### Exercise data

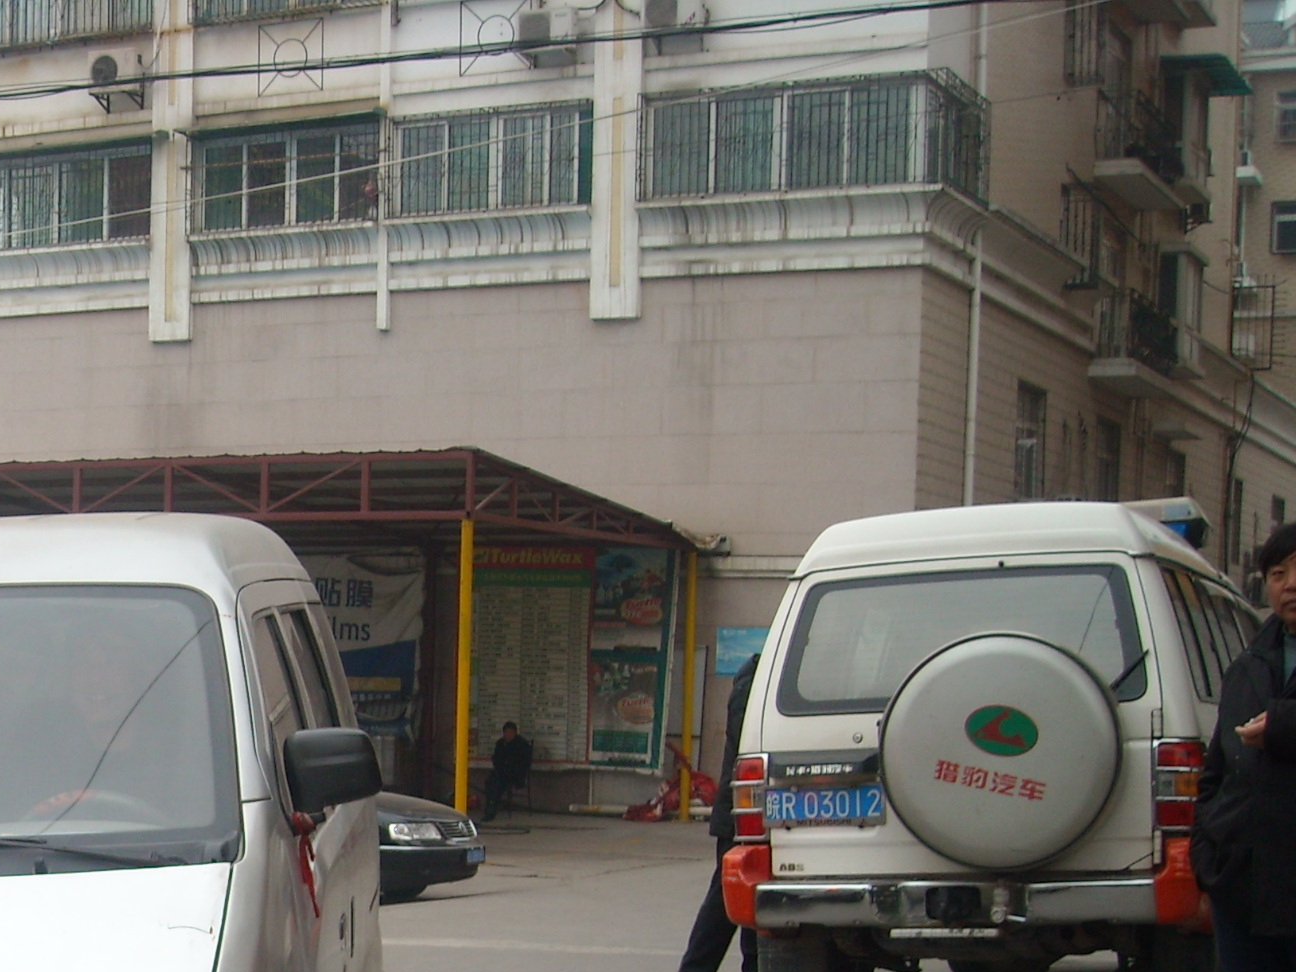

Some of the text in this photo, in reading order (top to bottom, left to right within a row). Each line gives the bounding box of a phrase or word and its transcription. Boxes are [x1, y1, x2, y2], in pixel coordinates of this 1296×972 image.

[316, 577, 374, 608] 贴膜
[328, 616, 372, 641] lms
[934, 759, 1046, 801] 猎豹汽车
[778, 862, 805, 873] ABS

######

**Try it**.
Restate each of the entries above word for word and skip every image.

**Solution to the problem**.
Some of the text in this photo, in reading order (top to bottom, left to right within a row). Each line gives the bounding box of a phrase or word and its transcription. Boxes are [x1, y1, x2, y2], in pixel coordinates of this 1296×972 image.

[316, 577, 374, 608] 贴膜
[328, 616, 372, 641] lms
[934, 759, 1046, 801] 猎豹汽车
[778, 862, 805, 873] ABS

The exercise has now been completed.